El Gobierno nacional reglamentó la Ley de Inocencia Fiscal y puso en marcha un nuevo esquema tributario que busca incentivar la incorporación al circuito formal de los ahorros no declarados, incluidos los llamados “dólares del colchón”. La medida fue oficializada a través del decreto 93, publicado en el Boletín Oficial, y desde el oficialismo aseguran que apunta a reactivar la economía y simplificar el cumplimiento impositivo.
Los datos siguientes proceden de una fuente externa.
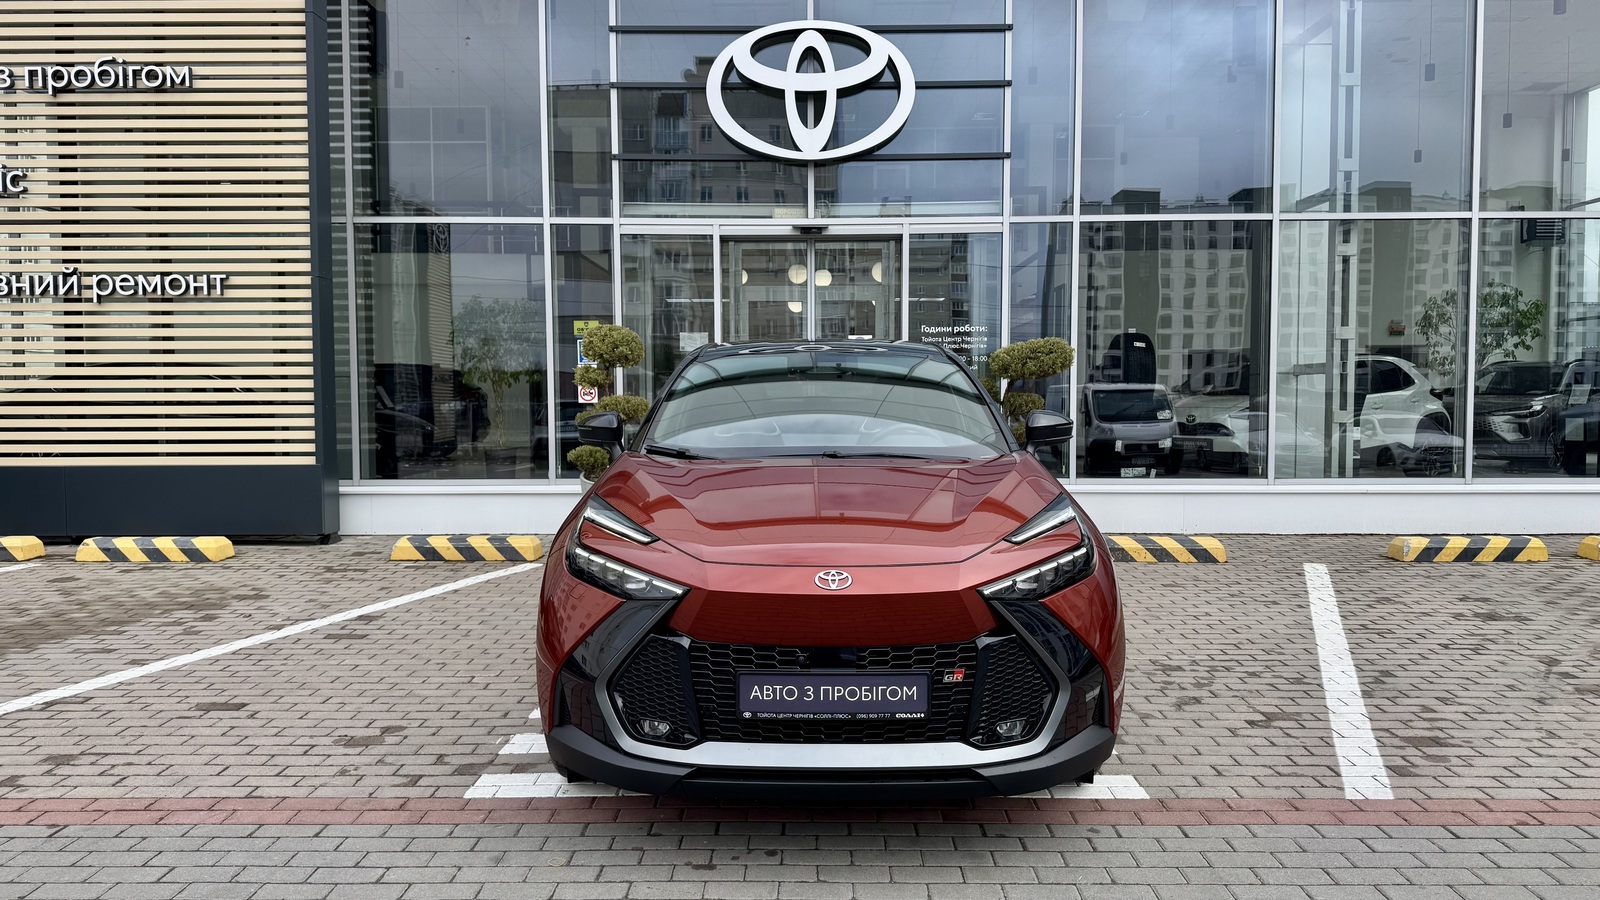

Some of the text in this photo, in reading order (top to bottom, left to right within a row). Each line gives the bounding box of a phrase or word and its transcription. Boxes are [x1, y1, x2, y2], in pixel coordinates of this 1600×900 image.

La reglamentación activa el Régimen Simplificado de Ganancias (RSG), de adhesión voluntaria, destinado a personas humanas con ingresos anuales de hasta $1.000 millones y un patrimonio de hasta $10.000 millones, verificados en los últimos tres ejercicios. Quedan excluidos los grandes contribuyentes, estimados en unas 900 personas.
Con el nuevo esquema, la Agencia de Recaudación y Control Aduanero (ARCA) solo podrá fiscalizar los ingresos declarados y las deducciones admitidas, y ya no tendrá en cuenta la evolución patrimonial, los consumos personales ni los depósitos bancarios.
El régimen prevé una declaración jurada precargada que el contribuyente puede aceptar o modificar. Una vez abonado el impuesto correspondiente, rige la presunción de exactitud y el efecto liberatorio, que impide al fisco reabrir esos períodos, salvo que se detecten inconsistencias relevantes.
En cuanto al uso de los ahorros no declarados, el decreto precisa que los fondos deberán ingresar al sistema financiero, ya sea en el origen o en el destino de la operación, mediante depósito en cuenta propia o transferencia directa al vendedor. También se elevaron los umbrales de información bancaria: las operaciones de hasta $10 millones mensuales no generarán reportes automáticos a la ARCA.